La sorte ha voluto che nel luglio 2020 un passaggio formale alla Camera desse il via libera mentre io e l’amico fraterno Alessio Boni aspettavamo di inaugurare «Lazzaretto On Stage» a Bergamo, con il nostro spettacolo «66/67». La famiglia della mia nonna materna era di Adro, lui è di Sarnico: quella del Sebino è acqua che ci unisce, non che divide. Ci siamo abbracciati. Ho provato orgoglio, ma ero consapevole che quello che ci era stato dato era un «premio» non tanto o non solo per meriti culturali quanto per la forza dimostrata da due città eternamente rivali, ma in realtà gemelle, colpite in maniera speculare da un dramma che ci ha molto avvicinati. Perché è nei drammi che le genti si uniscono.
La cultura come aiuto, volano...
... E stimolo. Il Paese spesso è stato distratto. Vedevano il benessere e non i lati negativi (l’inquinamento, i tumori...). I soldi e non la fatica. A noi il compito di far conoscere le bellezze di Brescia e Bergamo; ma è l’Italia che dovrà essere felice di averle scoperte, come accade tutte le volte che mi sento dire «ma sai, non credevo che...».
E poi c’è il tema della Sanità, al quale sei assai sensibile...

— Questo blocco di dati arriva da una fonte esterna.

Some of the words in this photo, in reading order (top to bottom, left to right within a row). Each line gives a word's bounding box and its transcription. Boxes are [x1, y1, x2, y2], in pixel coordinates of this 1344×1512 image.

Abbiamo sofferto tanto ed è giusto che ci sia un risarcimento anche in termini di divertimento. L’importante è che non diventi tutto «panem et circenses». Arriveranno altre pandemie e dovremo dimostrare di non aver dimenticato, di avere investito in cultura della salute, compresa quella di prossimità. Lo dobbiamo anche ai santi medici, ai santi infermieri che hanno dato la vita... Invece, mi sembra che si tenda a scordare in fretta.
Il tuo nuovo album è dedicato ai giovani. La cultura resta strumento di possibile ascesa?

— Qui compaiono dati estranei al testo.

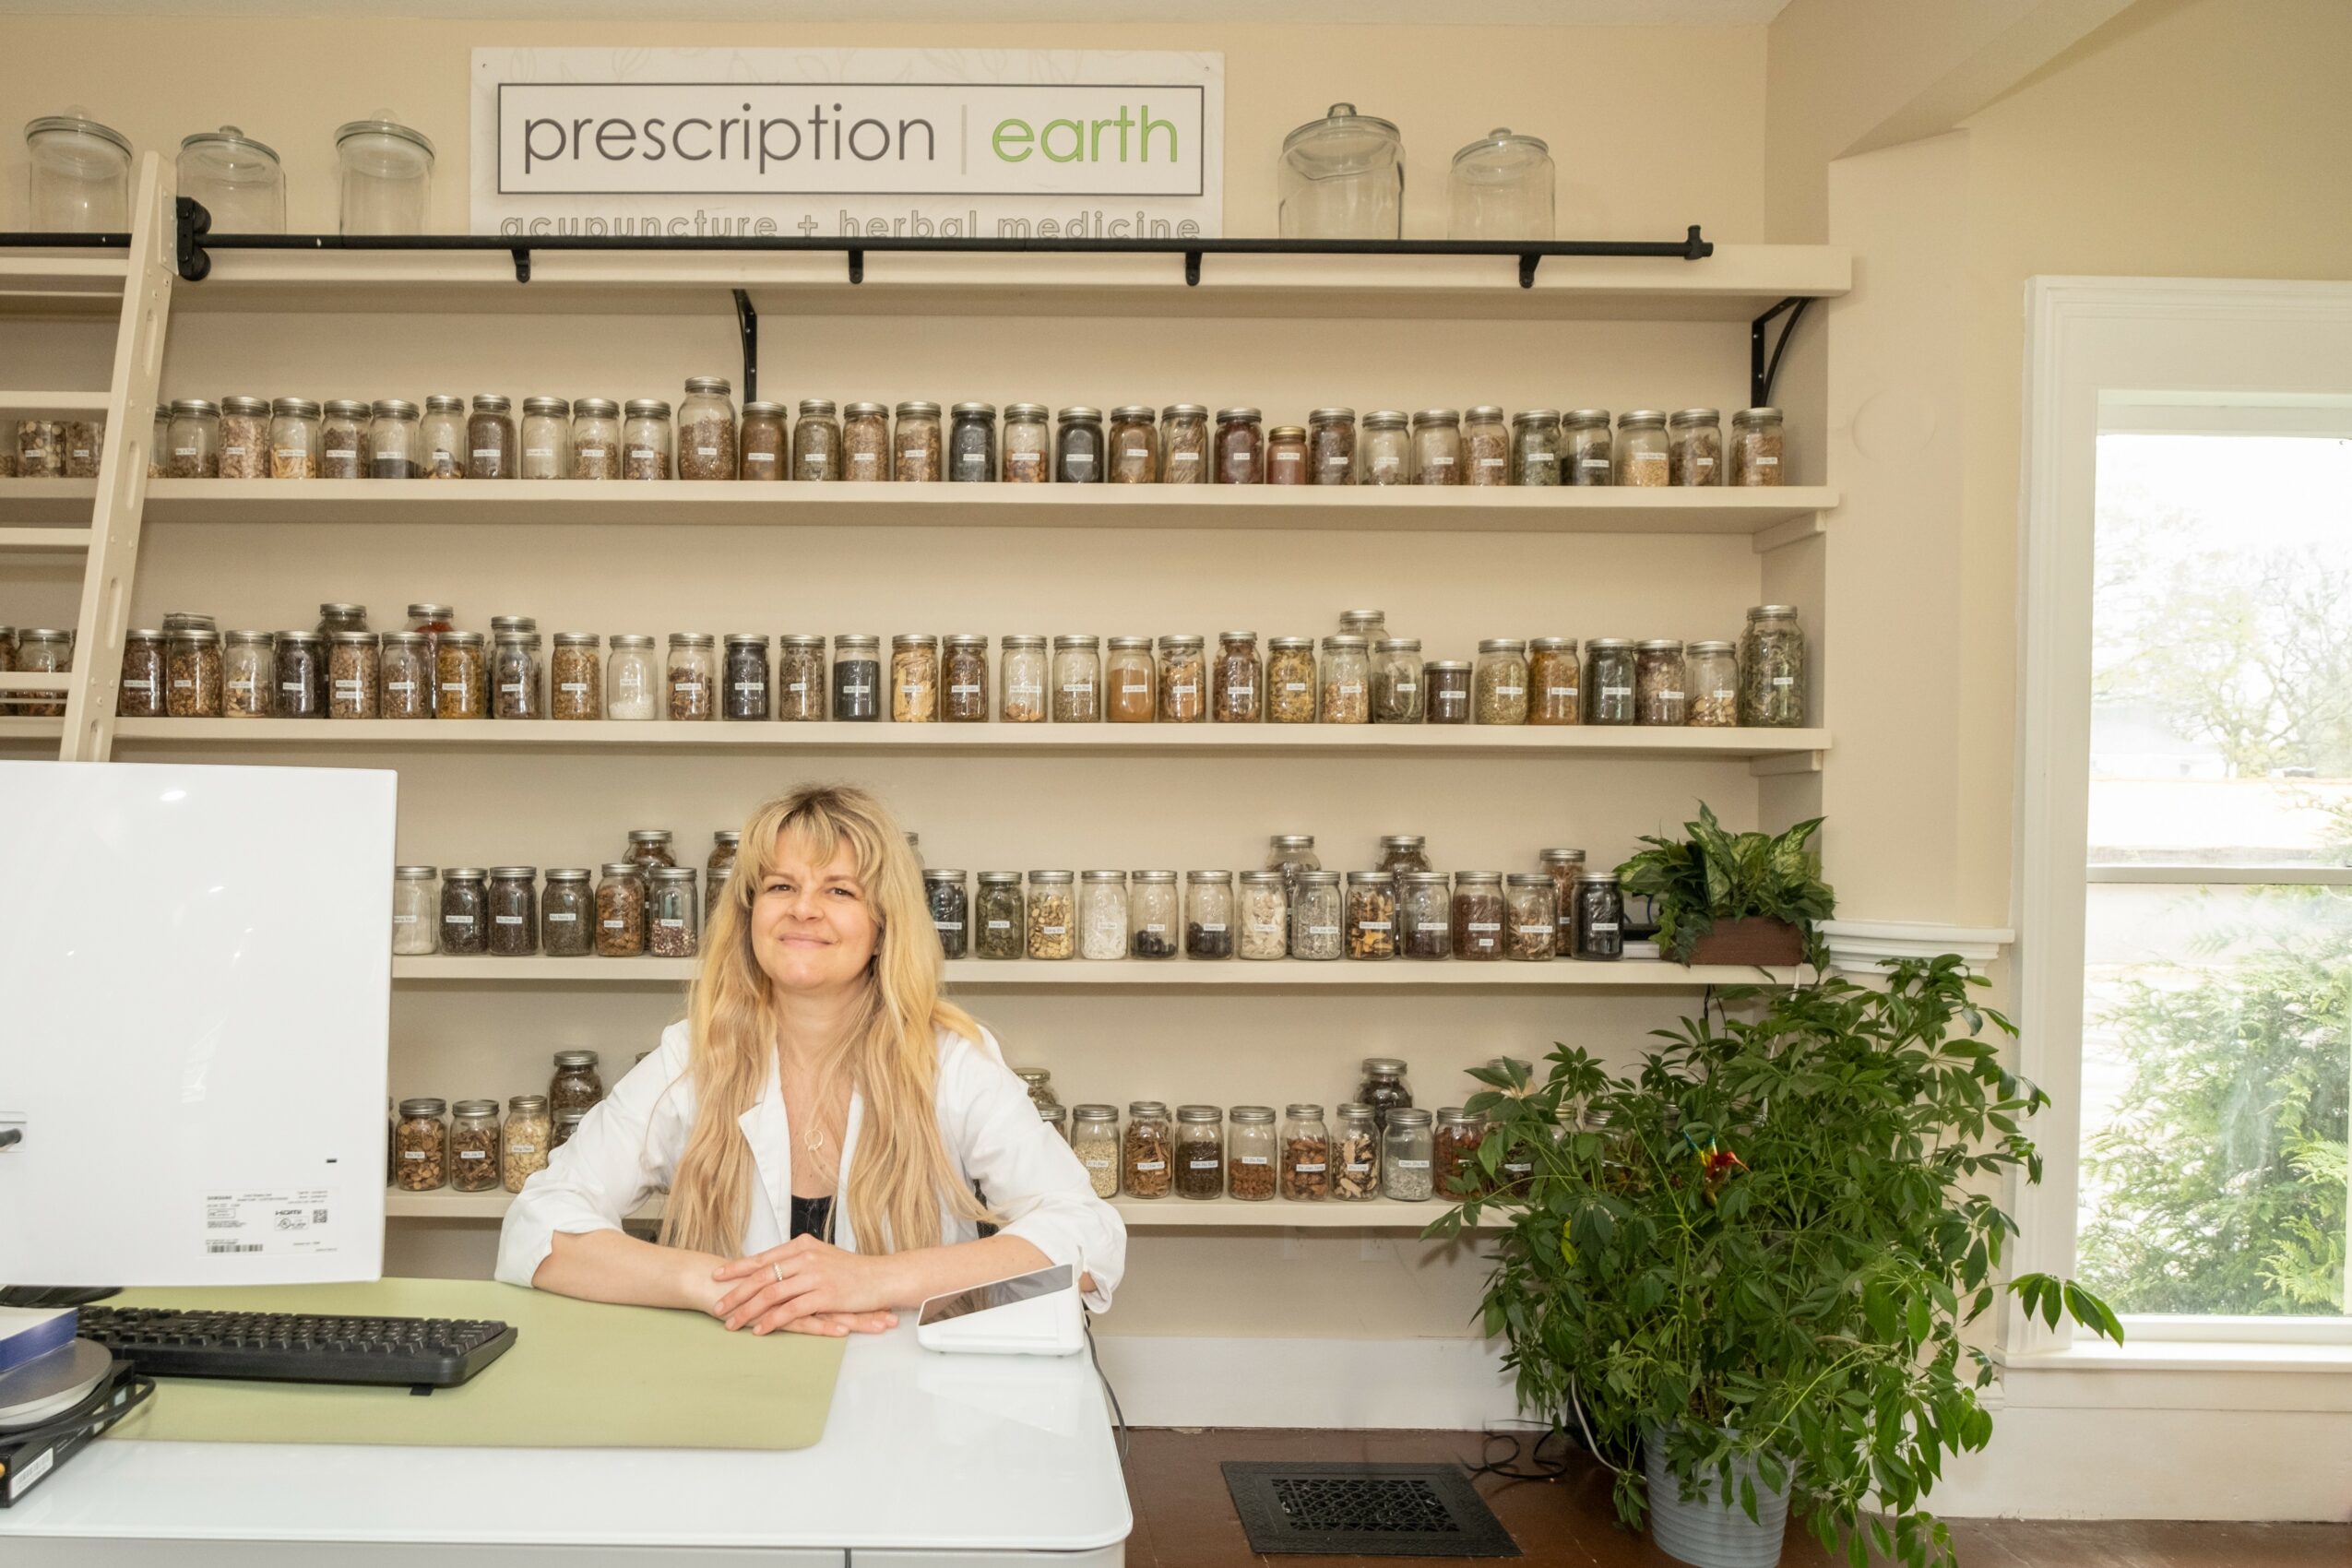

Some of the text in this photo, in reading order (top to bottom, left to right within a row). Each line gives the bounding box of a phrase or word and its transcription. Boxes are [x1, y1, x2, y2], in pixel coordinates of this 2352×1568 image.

[524, 103, 1179, 173] prescription earth
[500, 209, 778, 237] acupuncture
[839, 209, 977, 238] herbal
[998, 210, 1201, 239] medicine

Vengo da una famiglia povera. Ma mio padre, con gli studi e tanto lavoro, l’ha presto portata al livello della nuova piccola borghesia bresciana. Credo che nell’Odissea, nell’Iliade, nella Divina Commedia ci sia anche l’uomo di domani... Certo: oggi ogni cosa viene consumata a velocità supersonica. Da un lato avverto troppa fretta, l’idea che il successo debba arrivare subito; non si accetta la gavetta, men che meno la sconfitta. Dall’altro mi rendo conto che di fronte ai cambiamenti climatici, alla precarietà, alla forbice socio-economica i giovani pretendono risposte immediate. Ci sono più urgenze che importanze. Ma la natura, l’umanità hanno i loro tempi.
È la fatica del contadino nel bicchiere di vino, come diceva il tuo maestro Luigi Veronelli...

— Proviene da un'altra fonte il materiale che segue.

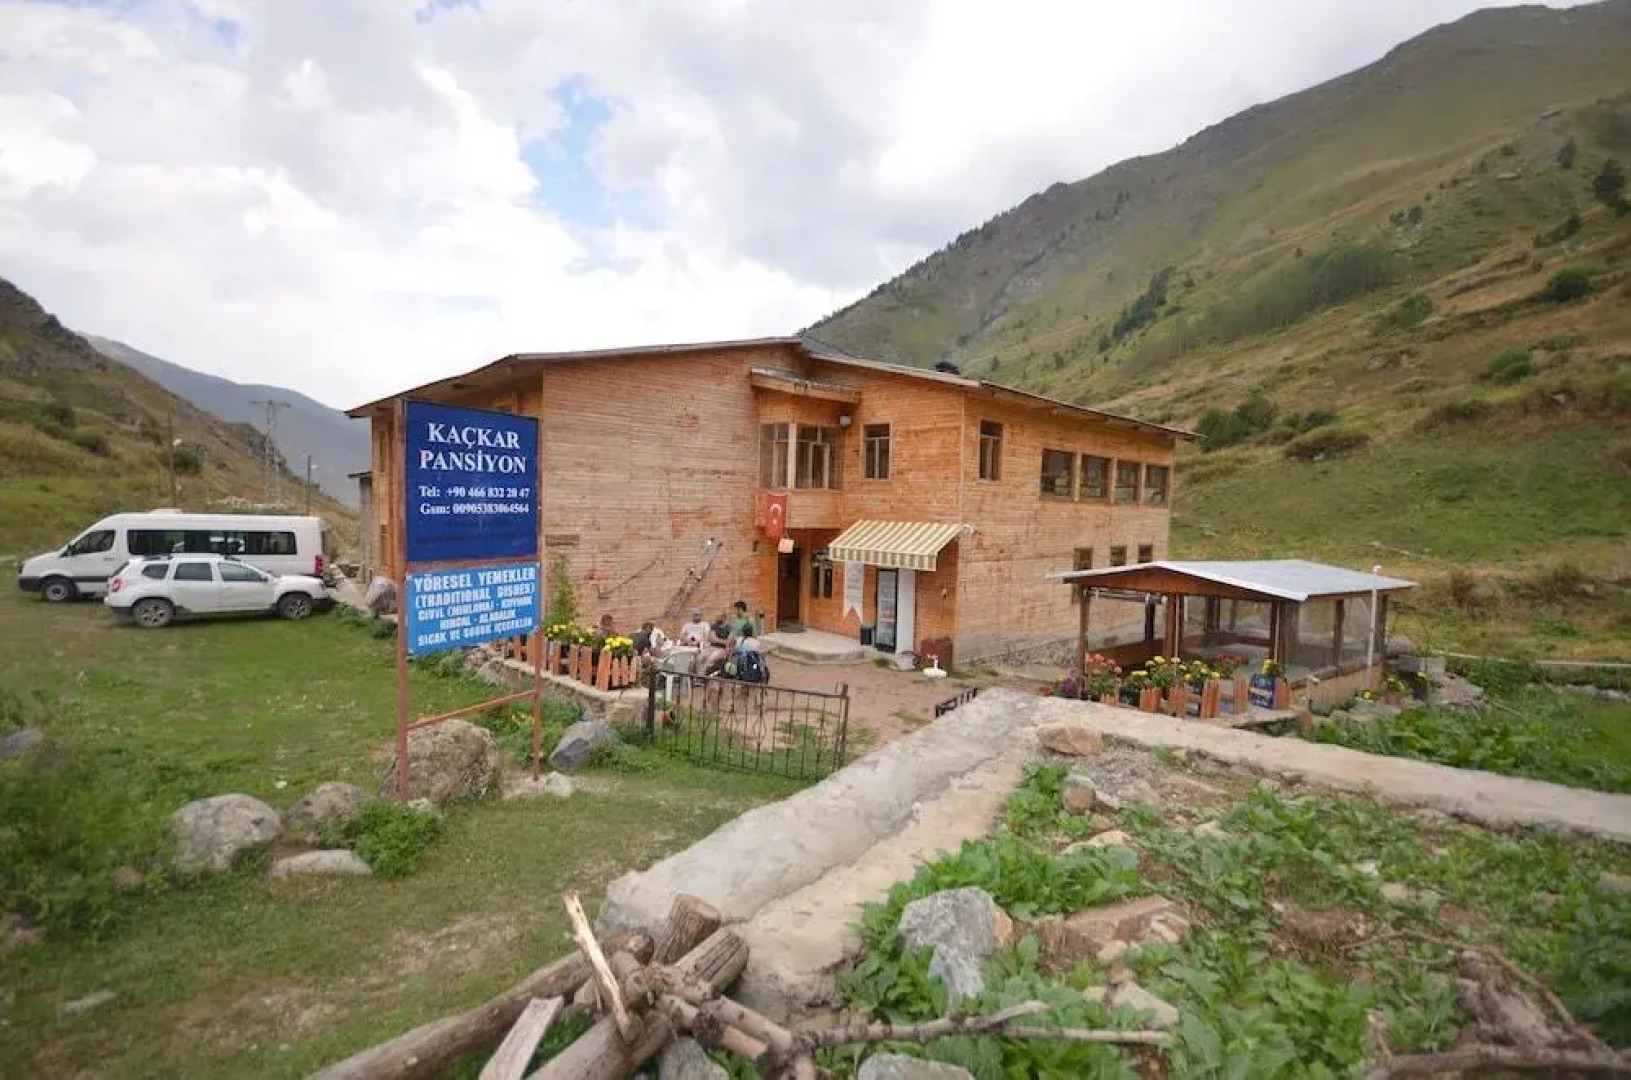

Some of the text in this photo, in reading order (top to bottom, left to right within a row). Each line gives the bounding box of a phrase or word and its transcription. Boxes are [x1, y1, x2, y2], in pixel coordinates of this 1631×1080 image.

[427, 422, 521, 449] KAÇKAR
[419, 449, 527, 474] PANSİYON
[419, 485, 441, 498] Tel:
[446, 486, 466, 498] +90
[467, 487, 486, 498] 466
[487, 487, 505, 498] 832
[519, 488, 530, 498] 47
[420, 503, 450, 515] Gsm:
[414, 567, 536, 592] YÖRESEL YEMEKLER

Un visionario. E un altro elemento che mi unisce a Bergamo, sua città di adozione. Di Brescia diceva che è una delle città più belle. E ci voleva un’anima sensibile come la sua per grattare la scorza, per vedere la bellezza sotto la durezza.
Ma ricordo anche lo chef iseano Vittorio Fusari, che lavorava da Balzer a Bergamo nel momento della prematura scomparsa. Avevamo in programma un’iniziativa su cibo e salute, tema di cui era pioniere.
Cosa auguri alla Capitale?
Con due componenti dei Pinguini Tattici Nucleari avevo elaborato un progetto sulle professioni della musica. Non è stato accolto e non polemizzo. Ma l’idea era offrire qualcosa che resti. La cultura non dev’essere una serie di eventi e passatempi, che pur meritiamo: deve avere una visione, permeare l’anima e il territorio. Torno alla Sanità, ma anche ai lasciti della nostra storia: facciamo sì che ci sia una cultura della resilienza.